Su alteza no está hoy muy favorable que digamos —resumió padre con tristeza. Entonces, a pesar de todo, condescendió a continuar presionándome—: Por mi bien y por el tuyo.
—No puedo.
—Me lo enseñarás, niño estúpido —rugió padre. En ese momento empezó a dolerme terriblemente el estómago.
—Tengo dolor de barriga —dije.
—Primero vas a enseñarme lo que tienes en la mano.
—Después —rogué.
—De acuerdo —dijo padre con un tono de voz diferente. Y de repente repitió—: De acuerdo. Ya está bien —y se quitó de la puerta.
Le miré desde abajo, esperando sin mucho fundamento que después de todo me perdonaría. Y en ese mismo instante me cayó encima la primera bofetada.
Tomado de Amos Oz. La bicicleta de Sumji. Siruela, Fondo de Cultura Económica. Madrid, 2005. Páginas 49 a 51.
Esta novela breve es el primer texto que leo de Amos Oz y no salí defraudado. Es una novelita infantil de 71 que pronto me recordó cuando en mi infancia mi mamá me preguntaba con insistencia que por qué estaba cabizbajo si los niños no tienen problemas, no tienen preocupaciones. Amoz Os, a través de Sumji, el protagonista de la historia, nos desvarata esa mentira.
Durante la ocupación inglesa de Israel, Sumji, un pequeño y enamoradizo hombre de 11, recibe un regalo del tío calavera de la familia: una bicicleta... de niña, pero bici, al fin y al cabo. De inmediato va a mostrársela a su único amigo (Sumji no es precisamente el niño más popular), quien termina cambiándosela por un juguete... lo tumbó, y de ahí en adelante vienen otros tumbes más. Sumji tampoco es el más avispao ni un buen negociante.

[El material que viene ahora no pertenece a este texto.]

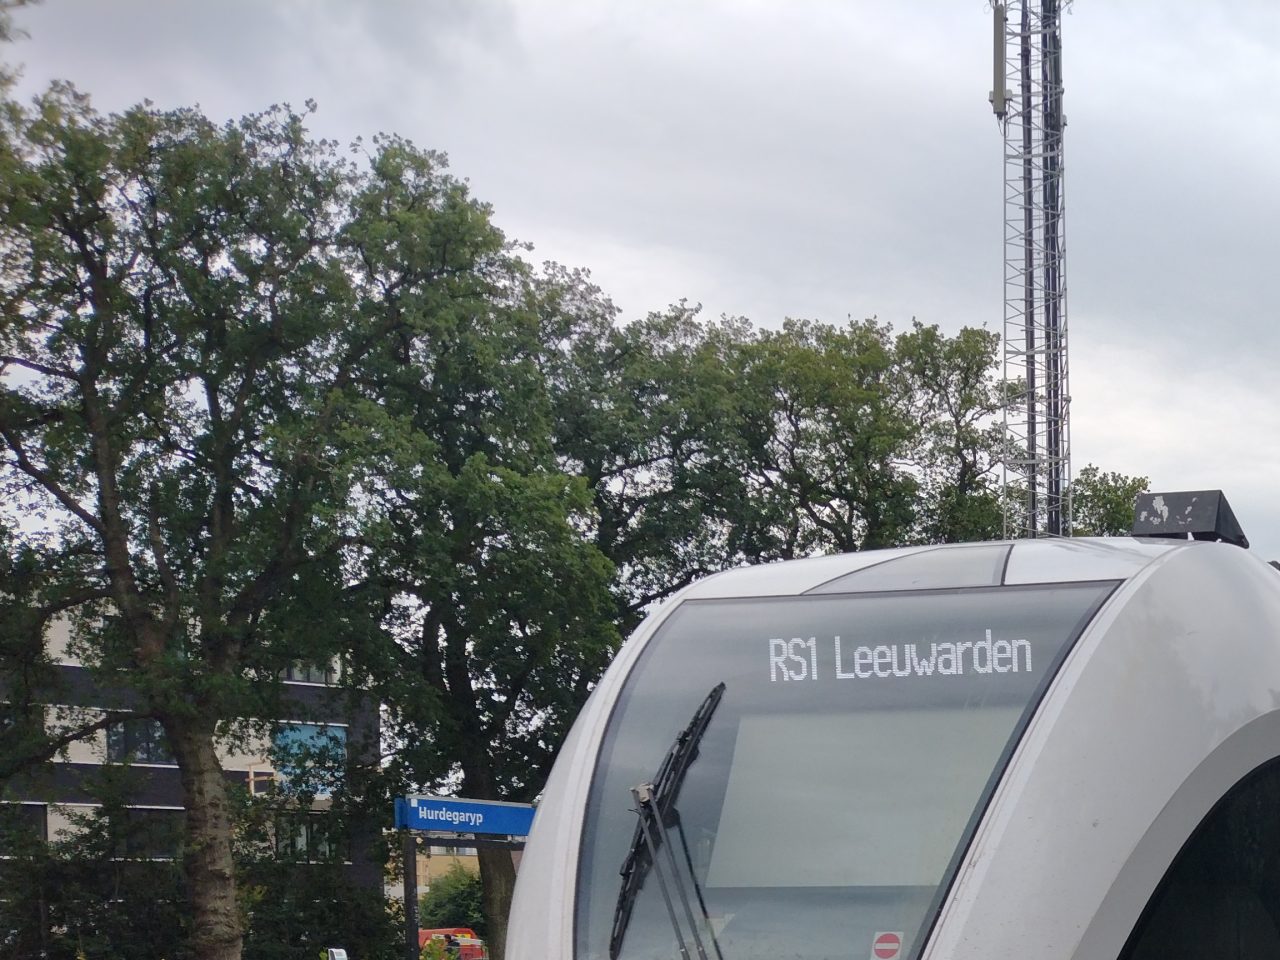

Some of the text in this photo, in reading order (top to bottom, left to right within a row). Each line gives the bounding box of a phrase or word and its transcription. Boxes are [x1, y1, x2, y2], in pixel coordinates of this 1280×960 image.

[768, 629, 1032, 682] RS1 Leeuwarden
[418, 806, 484, 826] Hurdegaryp
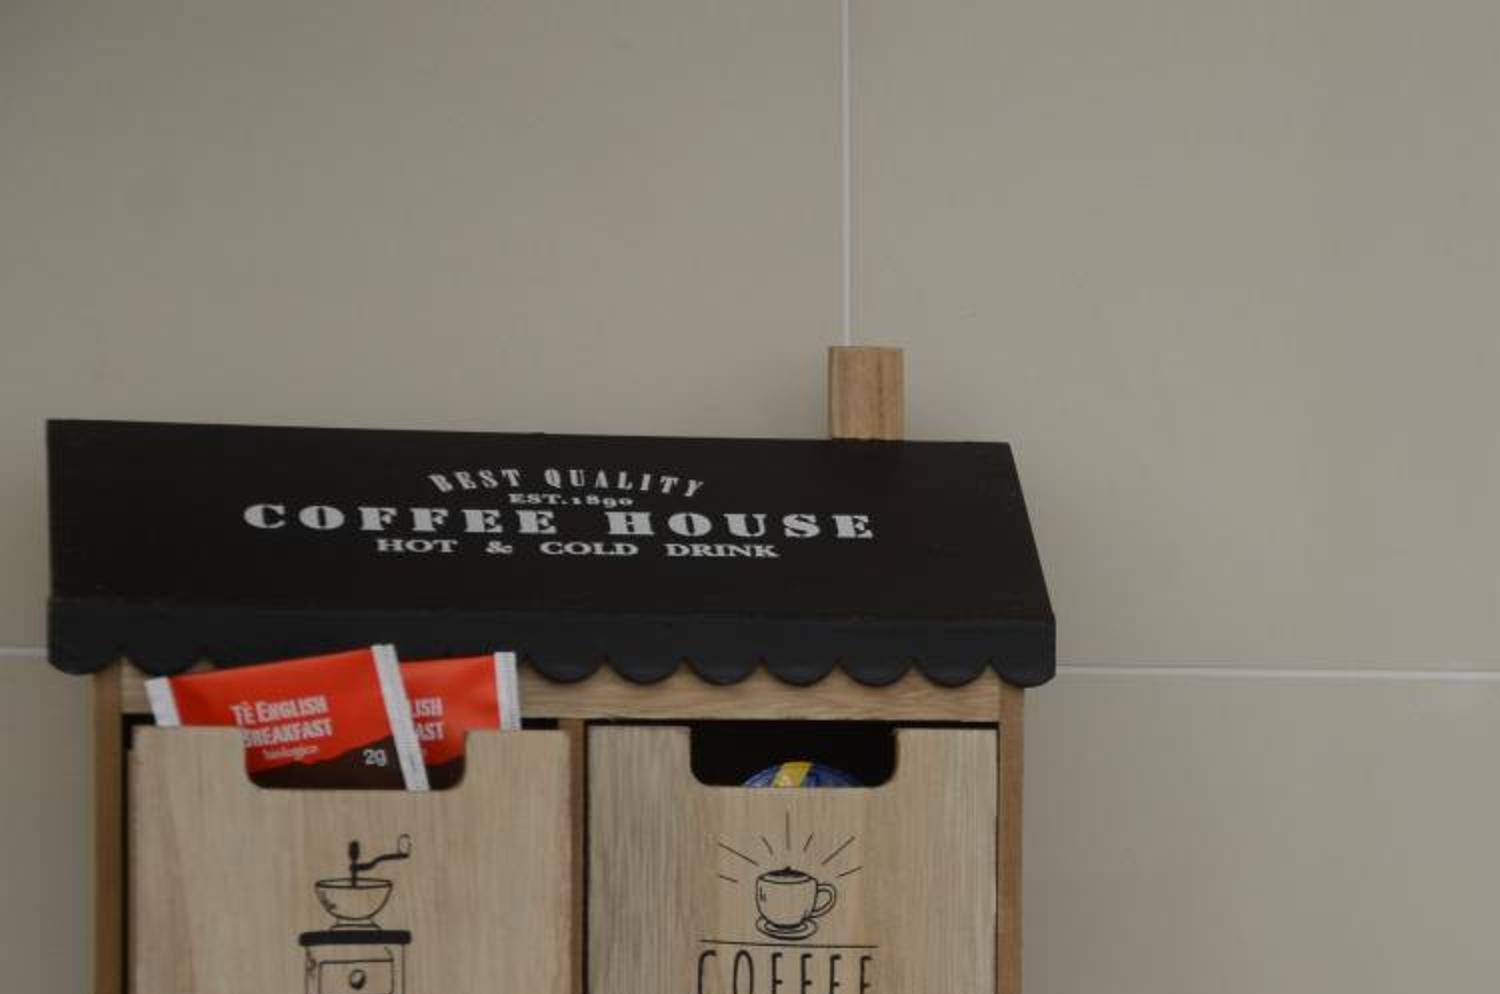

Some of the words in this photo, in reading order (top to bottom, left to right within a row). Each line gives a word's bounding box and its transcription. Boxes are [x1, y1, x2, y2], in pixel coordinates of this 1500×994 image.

[427, 468, 520, 493] BEST
[543, 468, 704, 498] QUALITY
[243, 503, 558, 534] COFFEE
[604, 511, 874, 539] HOUSE
[376, 538, 459, 553] HOT
[485, 541, 513, 555] &
[539, 540, 639, 556] COLD
[665, 543, 781, 558] DRINK
[362, 747, 388, 768] 2g
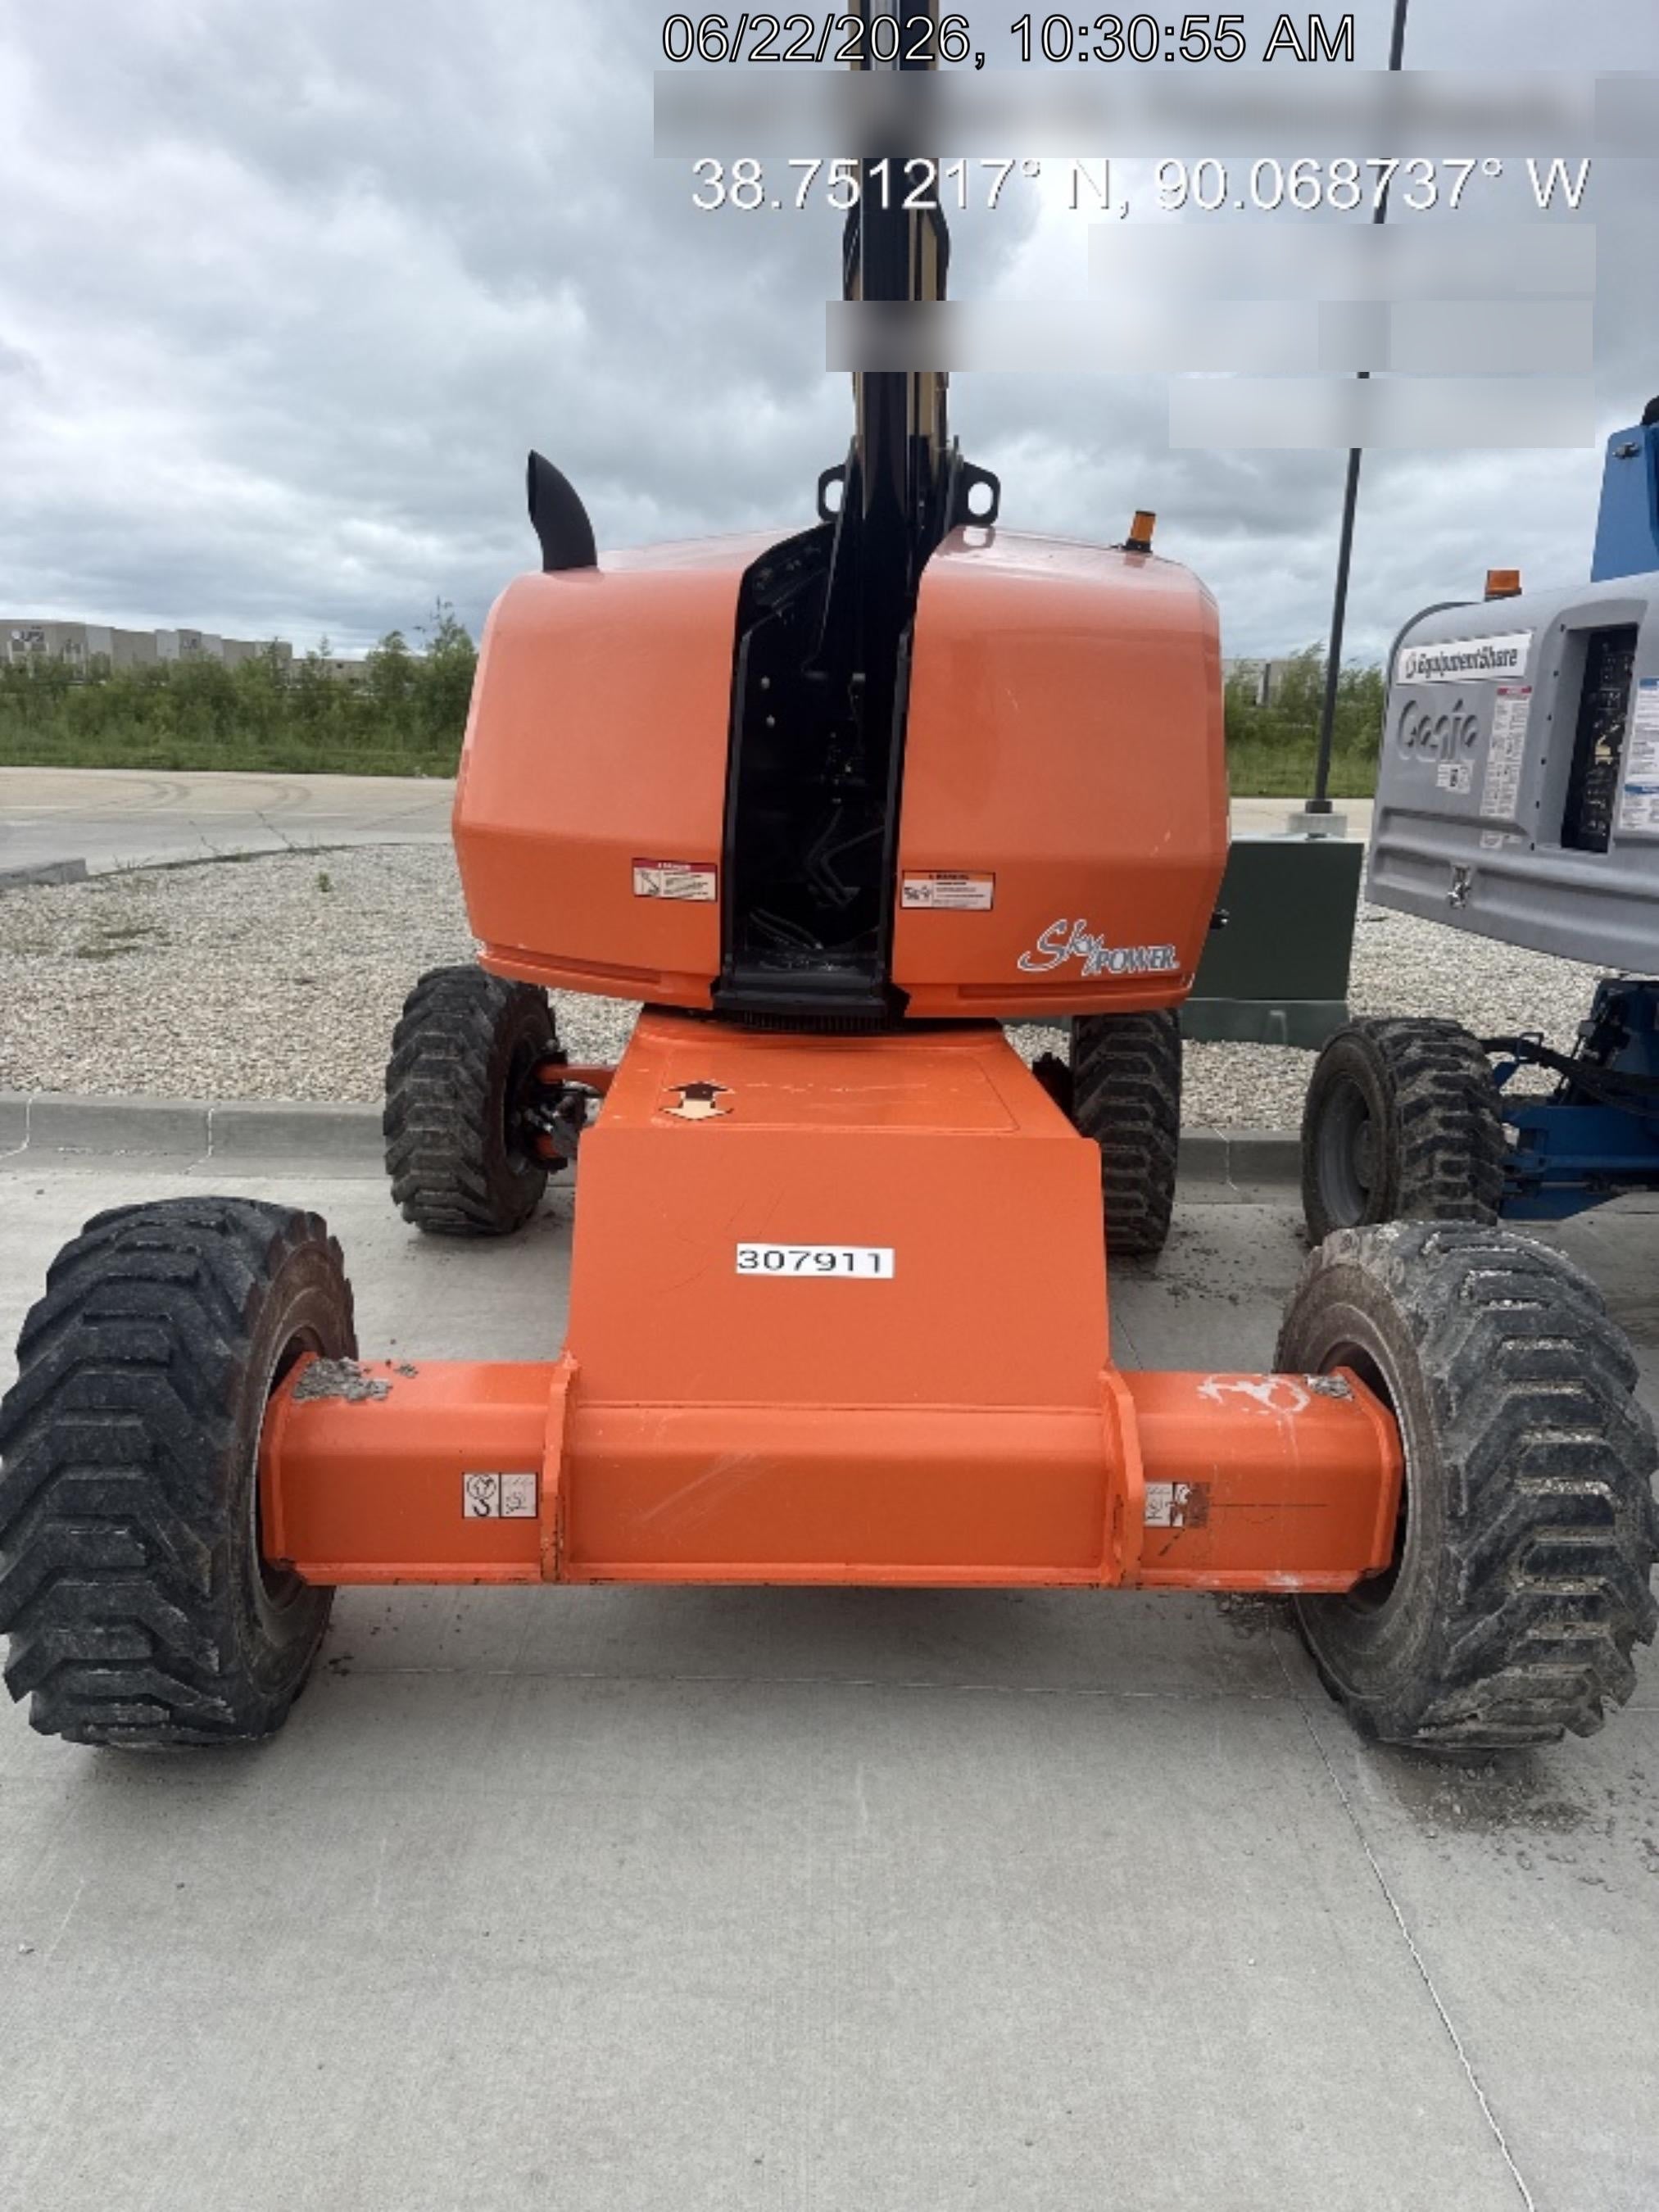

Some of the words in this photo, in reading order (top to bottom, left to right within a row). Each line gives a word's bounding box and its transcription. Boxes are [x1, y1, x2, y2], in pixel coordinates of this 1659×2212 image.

[1397, 697, 1480, 762] Genie
[1017, 918, 1105, 977] Sky
[1094, 943, 1177, 975] POWER
[738, 1249, 881, 1273] 307911
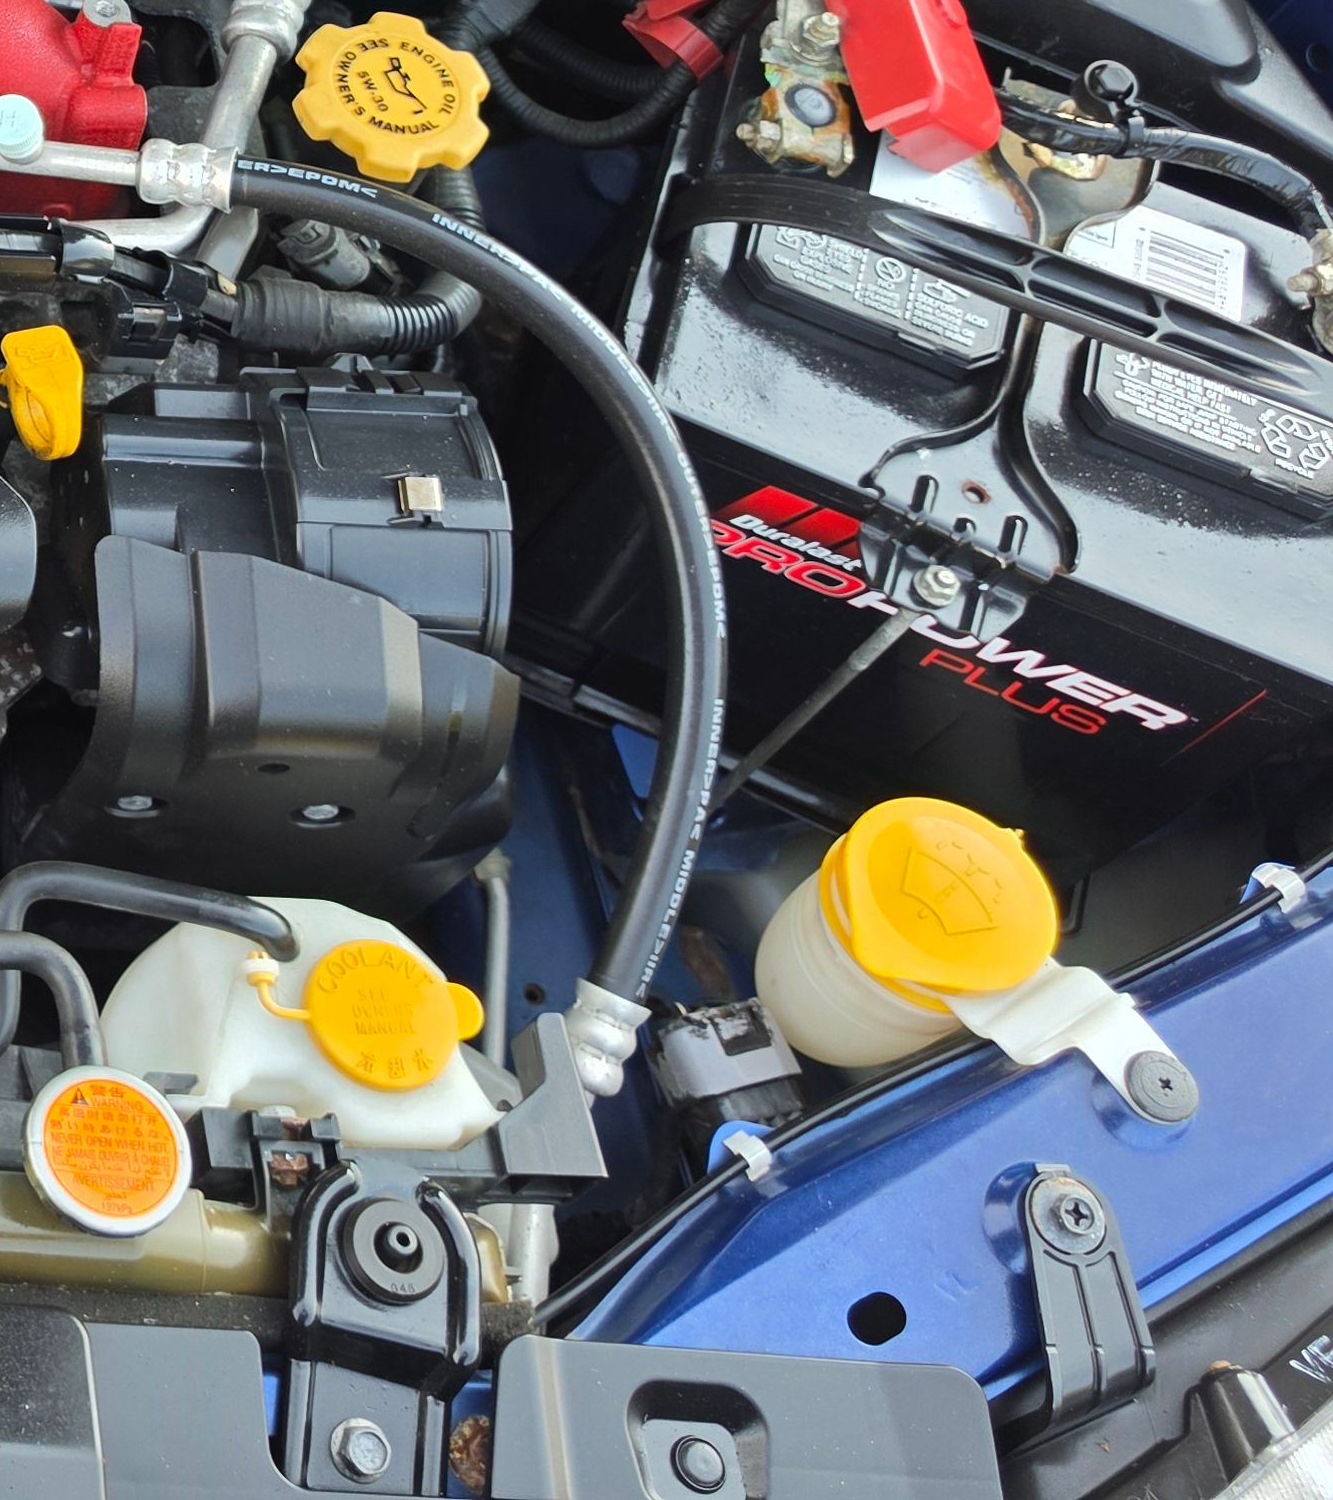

Esa secuencia de malos negocios lo hace llegar tarde a casa donde ocurre el tropel que transcribí arriba y que termina en la huída del niño. Claro, sus planes era irse al África y vivir miles de aventuras lejos de sus padres, pero por casualidad termina en la casa de la niña que ama y que, supuestamente, lo ignora. Mejor dicho, no cuento más, leánla.
Es una novelita hermosa. Impecablemente escrita y con una alta carga dramática basada en los conflictos cotidianos de un niño común. Ese es su gran mérito.
Pues con esa defensa qué queda por decir.
Fue una elección acertada entrar a Amos Oz por la bicicleta de Sumji. Un texto breve, sencillo y precioso. Ahora estoy leyendo Querido Mijael, la primera novela de este autor, otra maravilla. Al parecer, por lo que estoy probando y por lo que he escuchado, Amos Oz no tiene pierde.